El miedo es una de las emociones más fuertes que existen y tiene una capacidad de manejar automáticamente todas nuestras conductas sin siquiera darnos cuenta de que está alterando nuestras reacciones, comportamientos y pensamientos que tenemos ante algo.
Hoy quiero hablar del miedo porque nadie se escapa de él, es inherente en todo ser humano y varía en magnitud y tópico de persona a persona, lo que le temes tú, no necesariamente le temo yo y viceversa, pero independientemente de lo que sea, la emoción es la misma y opera de igual manera.
Cuando la mente detecta que la persona va a realizar alguna acción que siente peligrosa, advierte al sistema que hay una amenaza latente o pasiva, activando el chakra que genera el miedo, haciendo que el individuo sienta temor, limitando y hasta frenando el actuar en la persona, es decir, que el miedo en el fondo es bueno, porque te está protegiendo de que hagas algo que cree que te hará daño y te impide ejecutarlo.
¿Pero de donde sacá mi mente que cosa no es buena para mí? te cuento que todo lo que vivimos, vemos u oímos queda guardado en nuestro cerebro desde el vientre materno, registrando todo como una esponja y luego sacando sus propias conclusiones de forma inconsciente.
Pero no es solo lo que vives, sino también lo que viven otros y te impacta y luego se guarda como un archivo de que eso es lo que sucede o te puede pasar también a ti; y mientras pasan los años, más vamos acumulando registros que nos hacen cada día más miedosos y cautelosos.
Puedes observar en los niños la ingenuidad y desconocimiento ante el peligro, porque todavía el cerebro no les está advirtiendo que algo les pasará, pero para eso están los padres para guiarlos, pero luego van creciendo, viviendo consecuencias propias y ajenas; y así se van registrando experiencias que van formando lo que está bien o mal.
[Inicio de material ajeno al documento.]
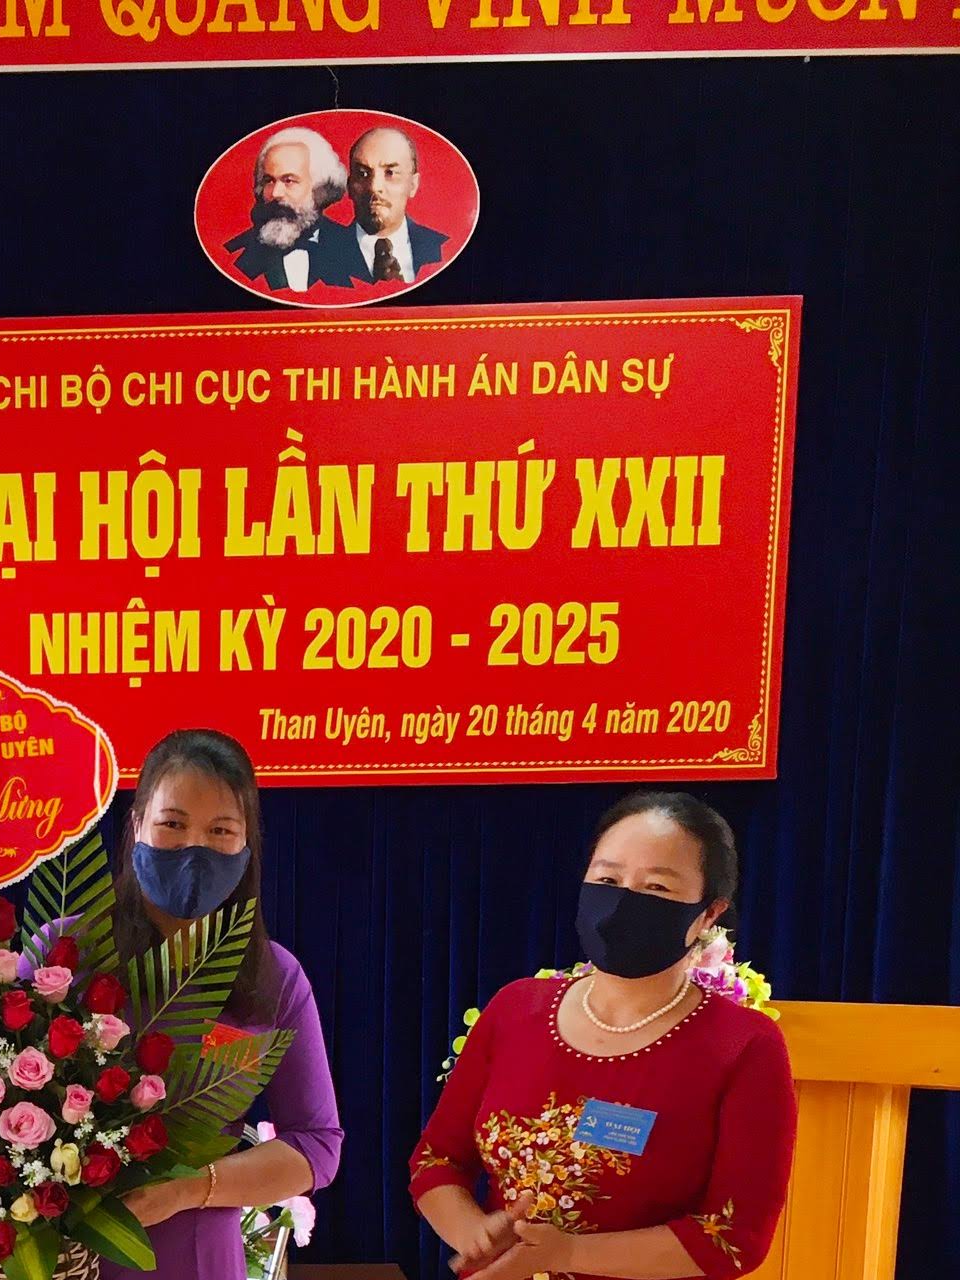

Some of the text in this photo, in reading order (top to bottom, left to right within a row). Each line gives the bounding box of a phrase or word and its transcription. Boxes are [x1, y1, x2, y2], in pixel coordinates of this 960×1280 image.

[61, 365, 111, 414] BỘ
[123, 372, 182, 406] CHI
[196, 369, 270, 410] CỤC
[283, 368, 340, 401] THI
[354, 356, 455, 399] HÀNH
[468, 353, 518, 396] ÁN
[532, 351, 608, 394] DÂN
[622, 353, 674, 399] SỰ
[80, 449, 201, 577] HỘI
[224, 428, 375, 557] LẦN
[396, 439, 556, 552] THỨ
[571, 455, 725, 548] XXII
[29, 599, 200, 688] NHIỆM
[220, 595, 286, 671] KỲ
[303, 606, 432, 669] 2020
[488, 602, 619, 665] 2025
[0, 710, 27, 734] BỘ
[1, 736, 54, 759] UYÊN
[260, 700, 730, 745] Than Uyên, ngày 20 tháng 4 năm 2020
Todo este proceso se hace en el subconsciente, es decir no te das cuenta de lo que archivaste, como te impacta y como en un futuro actuarás según lo que analice tu mente de forma automática.
Es por eso, que el miedo es silencioso, no te das cuenta que detrás de un mal pensamiento, un estrés, una determinada actitud está el temor bloqueándote para que pienses o actúes así.
Ahora es tu turno de observar tus miedos, tu actuar y tus pensamientos para econtrar esos frenos que siempre están por ahí, unos de manera muy obvia, pero otros disfrazados de culpa, tristeza, pesimismo, ansiedad, etc. y cuando encuentres aquellos que estorban es hora de dejarlos ir, hazlo solo con tu intención ¡y verás que funcionará!.